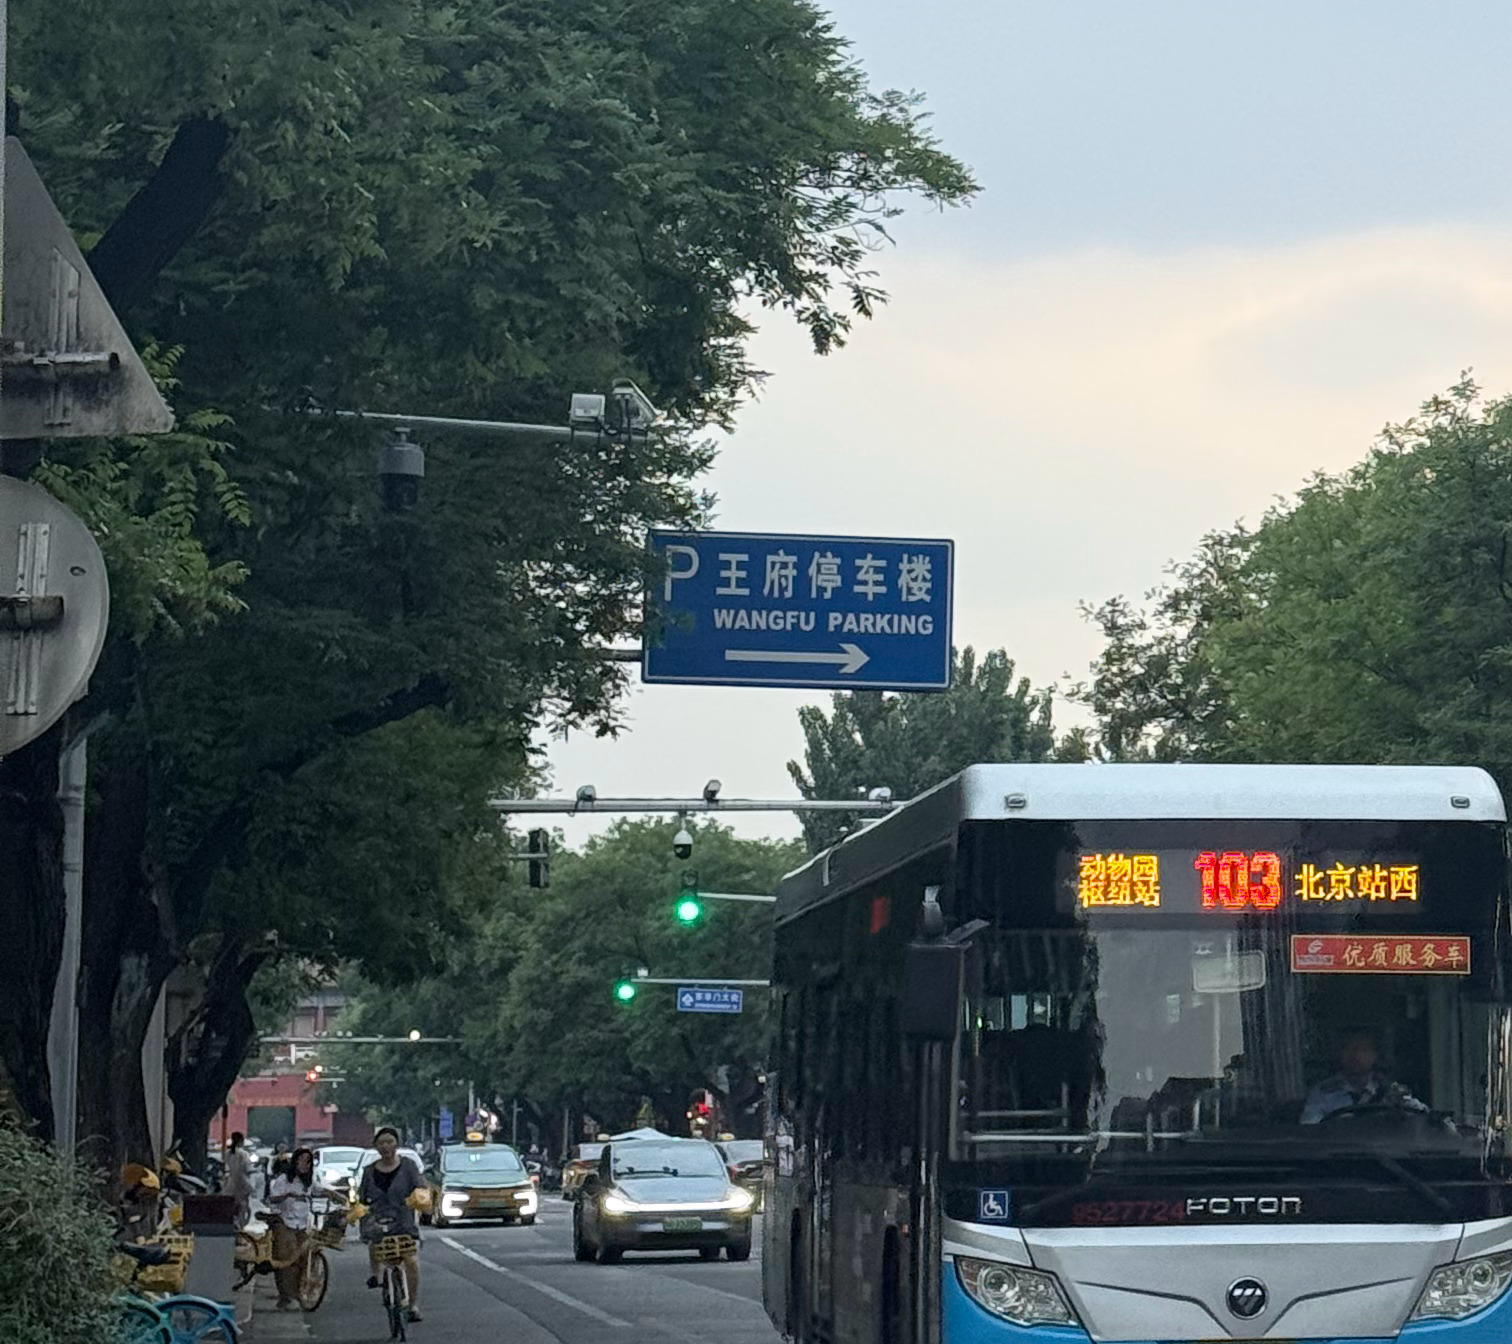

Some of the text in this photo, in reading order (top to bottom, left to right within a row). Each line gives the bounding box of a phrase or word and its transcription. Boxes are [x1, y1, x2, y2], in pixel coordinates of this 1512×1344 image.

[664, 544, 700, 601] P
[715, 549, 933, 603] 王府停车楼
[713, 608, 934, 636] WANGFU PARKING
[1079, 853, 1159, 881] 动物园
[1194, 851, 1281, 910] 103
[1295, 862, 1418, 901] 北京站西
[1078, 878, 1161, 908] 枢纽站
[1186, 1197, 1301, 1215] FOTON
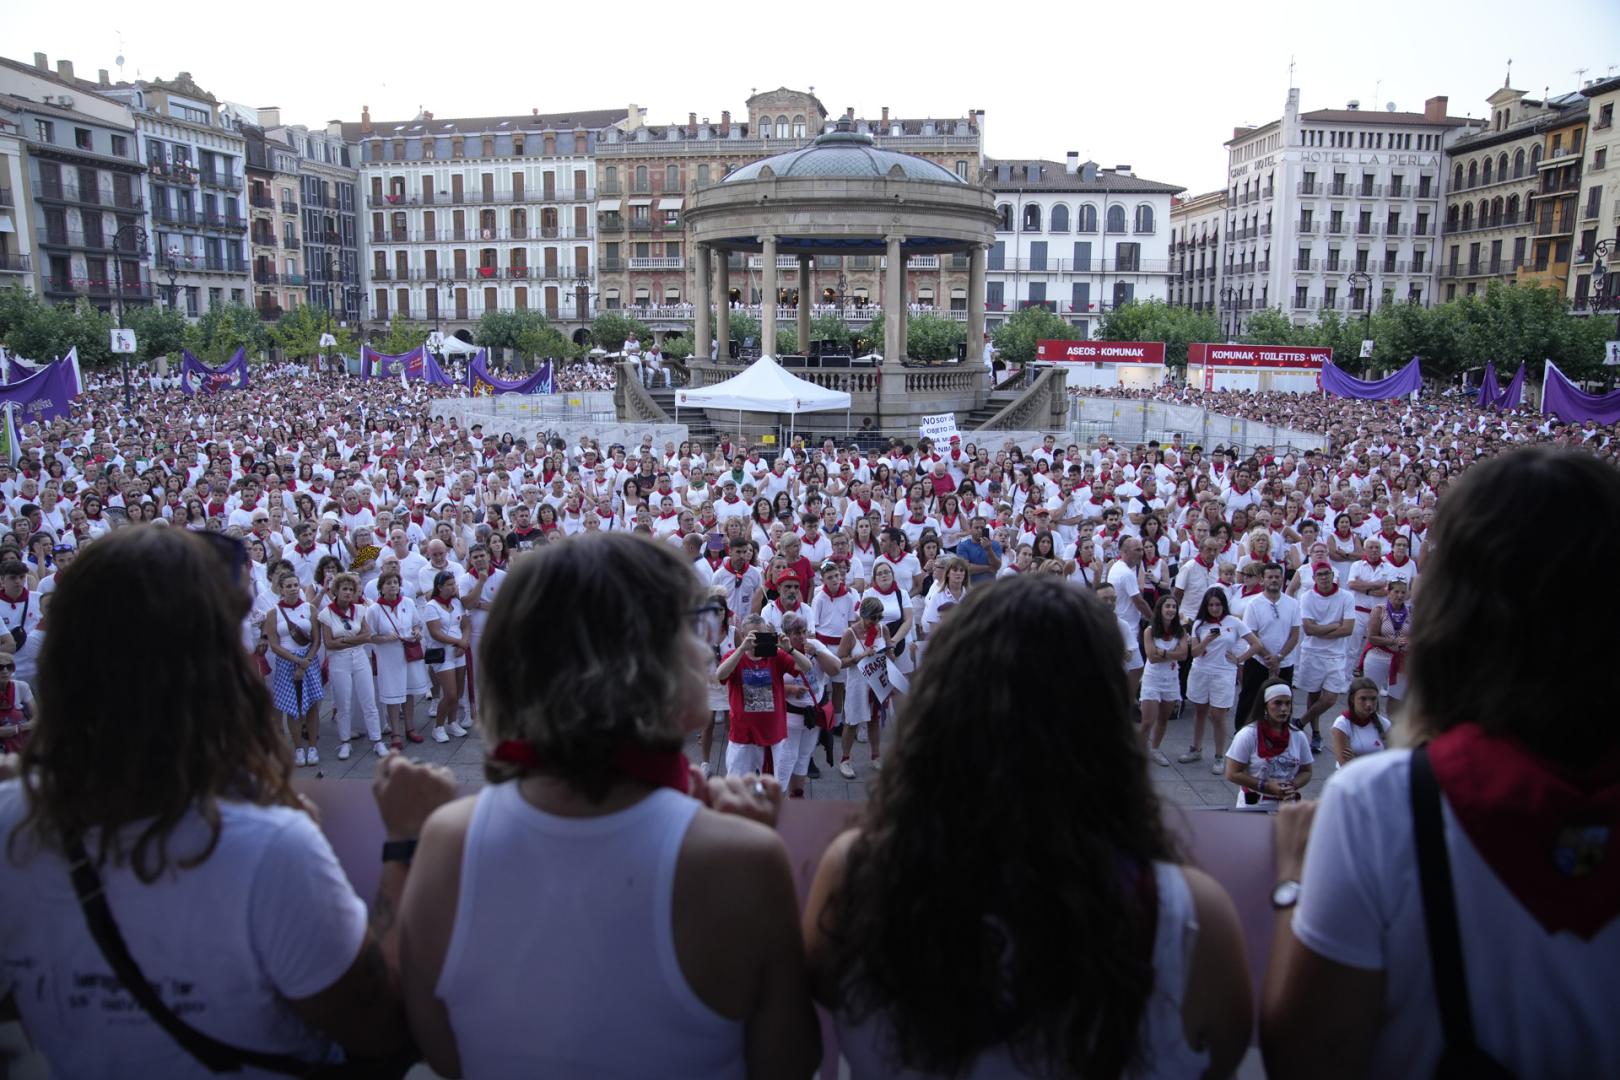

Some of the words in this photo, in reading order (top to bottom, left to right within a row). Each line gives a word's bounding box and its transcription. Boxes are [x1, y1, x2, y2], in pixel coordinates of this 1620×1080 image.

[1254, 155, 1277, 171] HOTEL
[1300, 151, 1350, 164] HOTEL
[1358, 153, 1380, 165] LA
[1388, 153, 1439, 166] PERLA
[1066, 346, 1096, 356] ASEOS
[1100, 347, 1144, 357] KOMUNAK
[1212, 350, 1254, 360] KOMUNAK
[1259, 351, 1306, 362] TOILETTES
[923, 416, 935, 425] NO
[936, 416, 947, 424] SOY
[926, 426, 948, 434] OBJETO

◆ ◆ ◆

▶ [Aim of the exercise] Copy the entire listing exactly but skip the pictures.

▶ [Exercise output]
Some of the text in this photo, in reading order (top to bottom, left to right within a row). Each line gives the bounding box of a phrase or word and its transcription. Boxes are [x1, y1, x2, y2], in pixel coordinates of this 1512×1344 image.

[664, 544, 700, 601] P
[715, 549, 933, 603] 王府停车楼
[713, 608, 934, 636] WANGFU PARKING
[1079, 853, 1159, 881] 动物园
[1194, 851, 1281, 910] 103
[1295, 862, 1418, 901] 北京站西
[1078, 878, 1161, 908] 枢纽站
[1186, 1197, 1301, 1215] FOTON

Some of the words in this photo, in reading order (top to bottom, left to right within a row). Each line gives a word's bounding box and its transcription. Boxes are [x1, y1, x2, y2], in pixel coordinates of this 1620×1080 image.

[1254, 155, 1277, 171] HOTEL
[1300, 151, 1350, 164] HOTEL
[1358, 153, 1380, 165] LA
[1388, 153, 1439, 166] PERLA
[1066, 346, 1096, 356] ASEOS
[1100, 347, 1144, 357] KOMUNAK
[1212, 350, 1254, 360] KOMUNAK
[1259, 351, 1306, 362] TOILETTES
[923, 416, 935, 425] NO
[936, 416, 947, 424] SOY
[926, 426, 948, 434] OBJETO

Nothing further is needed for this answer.